It certainly has paid well the past few years...I'm not sure what type of law you did and where, but in my fly over state, new associate salaries skyrocketed the past few years. The pay is IMO the best thing about the job...I am certain I could not find another job that paid me remotely as much. I now pay several times more each year in income taxes than the total amount I made in the years I was working before law school (not complaining...the high taxes go with the high income).

I definitely hated the job the first decade or so. I found it became MUCH more enjoyable after becoming a partner and getting to the point where you are the one solely dealing with your clients and making decisions, not working for someone else's clients or another lawyer (and also no longer having to hit minimum billable requirements, though if anything I work even more now). I used to find 9 out of 10 days miserable, depressing, and stressful. Now I'd say only 1 out of 10 days is like that.

But I don't litigate. I definitely don't understand the litigators...they seem to ENJOY constantly being in battle mode every day, where the battle is money and not physical. I mostly do deals, where no one is trying to destroy the other side, just possibly get one over on them, and matters often end with everyone saying "congratulations, break out the champagne", not whatever litigants say to each other at the end of a case. I think that makes a huge difference, because I'm not dealing with hostility every day.

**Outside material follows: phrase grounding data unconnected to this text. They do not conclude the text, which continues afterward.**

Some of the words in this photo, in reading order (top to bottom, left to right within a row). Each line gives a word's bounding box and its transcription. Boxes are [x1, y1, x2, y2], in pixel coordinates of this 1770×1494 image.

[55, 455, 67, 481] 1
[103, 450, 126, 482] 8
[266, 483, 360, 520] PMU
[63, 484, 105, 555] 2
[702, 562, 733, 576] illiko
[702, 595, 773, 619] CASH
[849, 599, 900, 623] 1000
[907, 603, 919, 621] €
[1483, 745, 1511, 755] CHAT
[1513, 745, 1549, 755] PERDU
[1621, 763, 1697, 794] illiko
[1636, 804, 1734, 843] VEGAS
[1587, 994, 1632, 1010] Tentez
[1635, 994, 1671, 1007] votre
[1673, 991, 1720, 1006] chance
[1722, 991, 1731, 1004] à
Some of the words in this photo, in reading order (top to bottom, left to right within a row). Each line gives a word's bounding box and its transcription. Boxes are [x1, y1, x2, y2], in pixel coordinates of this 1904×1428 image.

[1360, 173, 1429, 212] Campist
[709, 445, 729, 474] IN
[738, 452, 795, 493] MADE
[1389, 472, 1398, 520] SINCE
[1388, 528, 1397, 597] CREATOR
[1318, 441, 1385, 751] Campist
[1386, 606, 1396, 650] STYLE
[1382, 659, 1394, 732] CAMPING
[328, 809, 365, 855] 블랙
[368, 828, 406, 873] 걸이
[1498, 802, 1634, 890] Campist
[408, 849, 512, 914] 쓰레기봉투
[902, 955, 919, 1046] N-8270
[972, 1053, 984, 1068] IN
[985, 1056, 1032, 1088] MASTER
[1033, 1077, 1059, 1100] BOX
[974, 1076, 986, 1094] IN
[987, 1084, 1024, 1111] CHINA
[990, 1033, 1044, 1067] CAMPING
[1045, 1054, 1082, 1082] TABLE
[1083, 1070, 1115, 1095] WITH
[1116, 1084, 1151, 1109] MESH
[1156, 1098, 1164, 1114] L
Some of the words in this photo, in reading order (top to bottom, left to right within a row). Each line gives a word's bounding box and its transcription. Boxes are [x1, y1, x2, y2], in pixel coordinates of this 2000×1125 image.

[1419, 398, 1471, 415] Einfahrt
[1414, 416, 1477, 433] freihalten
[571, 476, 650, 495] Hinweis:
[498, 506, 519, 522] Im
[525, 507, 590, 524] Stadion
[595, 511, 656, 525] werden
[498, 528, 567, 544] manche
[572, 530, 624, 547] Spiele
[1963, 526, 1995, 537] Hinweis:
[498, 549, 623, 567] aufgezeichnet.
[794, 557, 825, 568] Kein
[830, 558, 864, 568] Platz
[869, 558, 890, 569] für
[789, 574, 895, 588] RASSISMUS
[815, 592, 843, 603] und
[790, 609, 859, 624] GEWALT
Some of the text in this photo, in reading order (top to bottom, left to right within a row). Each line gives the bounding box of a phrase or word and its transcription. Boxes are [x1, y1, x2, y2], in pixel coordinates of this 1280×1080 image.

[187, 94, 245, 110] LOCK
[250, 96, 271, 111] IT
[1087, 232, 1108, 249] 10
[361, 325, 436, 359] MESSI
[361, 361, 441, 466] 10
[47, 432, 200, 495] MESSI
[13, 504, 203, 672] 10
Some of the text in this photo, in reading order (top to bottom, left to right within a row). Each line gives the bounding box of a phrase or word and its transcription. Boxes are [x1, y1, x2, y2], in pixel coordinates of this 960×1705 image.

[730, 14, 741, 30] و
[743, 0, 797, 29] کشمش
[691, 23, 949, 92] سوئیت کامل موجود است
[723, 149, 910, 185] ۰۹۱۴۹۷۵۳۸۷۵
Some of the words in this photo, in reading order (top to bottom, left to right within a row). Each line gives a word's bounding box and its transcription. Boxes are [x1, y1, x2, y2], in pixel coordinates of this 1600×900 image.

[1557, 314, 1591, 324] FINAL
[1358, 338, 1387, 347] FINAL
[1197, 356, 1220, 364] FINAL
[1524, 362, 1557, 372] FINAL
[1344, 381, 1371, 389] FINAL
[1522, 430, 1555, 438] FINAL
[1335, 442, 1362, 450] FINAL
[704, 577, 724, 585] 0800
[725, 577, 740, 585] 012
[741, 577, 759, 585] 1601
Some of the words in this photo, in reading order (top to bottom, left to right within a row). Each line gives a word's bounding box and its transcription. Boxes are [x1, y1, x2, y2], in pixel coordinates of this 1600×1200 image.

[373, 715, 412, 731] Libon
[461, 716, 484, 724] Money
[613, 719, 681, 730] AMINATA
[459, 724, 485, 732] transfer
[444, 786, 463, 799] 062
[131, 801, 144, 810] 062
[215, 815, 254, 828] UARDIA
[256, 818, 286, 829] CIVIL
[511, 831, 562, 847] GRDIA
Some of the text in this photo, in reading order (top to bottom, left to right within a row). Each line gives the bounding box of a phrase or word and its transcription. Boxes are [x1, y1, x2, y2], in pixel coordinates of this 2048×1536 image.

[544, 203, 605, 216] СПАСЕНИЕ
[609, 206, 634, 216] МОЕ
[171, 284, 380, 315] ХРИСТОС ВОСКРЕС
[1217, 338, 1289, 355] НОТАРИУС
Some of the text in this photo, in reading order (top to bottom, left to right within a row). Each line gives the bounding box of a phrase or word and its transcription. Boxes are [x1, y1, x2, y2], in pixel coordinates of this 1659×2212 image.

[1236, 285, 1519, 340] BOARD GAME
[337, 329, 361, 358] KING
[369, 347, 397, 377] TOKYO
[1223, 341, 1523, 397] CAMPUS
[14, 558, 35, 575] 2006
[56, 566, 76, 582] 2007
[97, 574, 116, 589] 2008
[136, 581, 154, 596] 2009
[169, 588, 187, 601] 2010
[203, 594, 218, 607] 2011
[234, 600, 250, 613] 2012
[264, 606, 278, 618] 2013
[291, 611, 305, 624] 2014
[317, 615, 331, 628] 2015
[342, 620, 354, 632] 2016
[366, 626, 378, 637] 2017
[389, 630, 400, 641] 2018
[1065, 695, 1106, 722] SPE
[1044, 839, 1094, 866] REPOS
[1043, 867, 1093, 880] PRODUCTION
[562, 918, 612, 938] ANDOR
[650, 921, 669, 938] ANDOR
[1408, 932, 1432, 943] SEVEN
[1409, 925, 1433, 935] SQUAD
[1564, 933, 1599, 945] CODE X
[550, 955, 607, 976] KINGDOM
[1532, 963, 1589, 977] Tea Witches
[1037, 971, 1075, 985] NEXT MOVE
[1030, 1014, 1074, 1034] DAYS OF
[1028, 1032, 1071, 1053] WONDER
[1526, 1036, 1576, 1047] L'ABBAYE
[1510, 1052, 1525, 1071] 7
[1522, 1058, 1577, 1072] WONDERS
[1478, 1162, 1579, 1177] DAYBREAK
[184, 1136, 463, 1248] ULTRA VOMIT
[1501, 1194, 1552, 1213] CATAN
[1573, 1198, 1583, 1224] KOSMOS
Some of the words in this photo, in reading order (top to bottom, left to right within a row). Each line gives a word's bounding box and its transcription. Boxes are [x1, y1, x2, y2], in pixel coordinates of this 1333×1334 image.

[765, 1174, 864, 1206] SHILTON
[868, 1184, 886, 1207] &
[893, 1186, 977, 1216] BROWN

You didn't mention what I think is the worst part (other than the obvious, which is having to track all of your time): that you often can't stand your clients. Ranging from reasons between that they're just idiots or jerks or unreasonable to that you think they are actually borderline criminals and cheats. And yet you have to be on their side regardless. I DO like some of my clients, but sadly I cant say it's a majority. And when they're insistent on doing the dumbest or most counter-productive thing ever, despite your advice, you have to do it anyway. And then you don't get to say "I told you so" when it ends up blowing up in their face exactly like you told them it would, be cause clients don't pay lawyers to tell them how dumb they are.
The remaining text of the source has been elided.